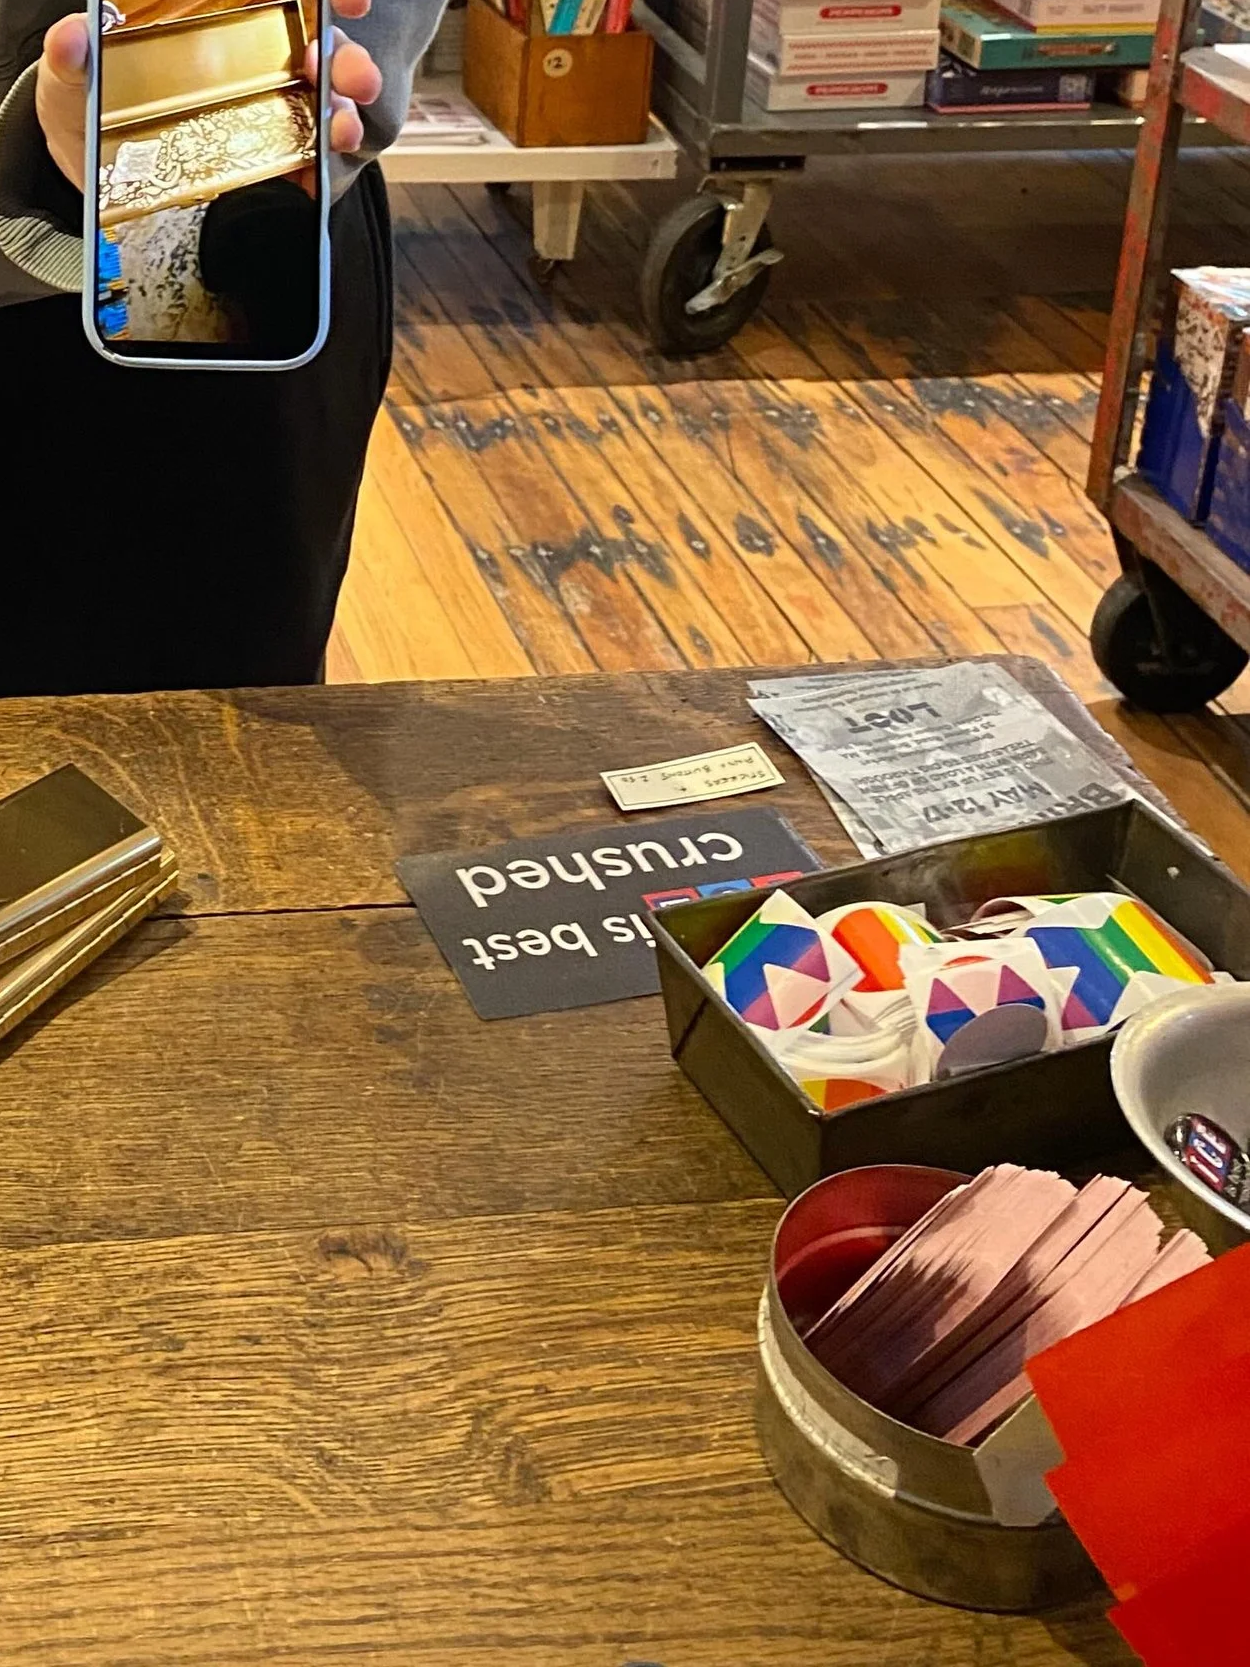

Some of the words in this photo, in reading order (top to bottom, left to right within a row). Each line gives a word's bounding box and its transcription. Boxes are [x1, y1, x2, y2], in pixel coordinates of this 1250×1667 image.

[705, 771, 766, 788] STICKERS
[980, 780, 1053, 808] MAY
[455, 832, 744, 908] crushed
[462, 921, 598, 971] best
[602, 914, 657, 948] is

☆ ☆ ☆ ☆ ☆

*What you have to do*: Without copying any picture, write out all of the material exactly as it reads.

*Result below*:
Some of the words in this photo, in reading order (top to bottom, left to right within a row). Each line gives a word's bounding box and its transcription. Boxes are [x1, y1, x2, y2], in pixel coordinates of this 1250×1667 image.

[705, 771, 766, 788] STICKERS
[980, 780, 1053, 808] MAY
[455, 832, 744, 908] crushed
[462, 921, 598, 971] best
[602, 914, 657, 948] is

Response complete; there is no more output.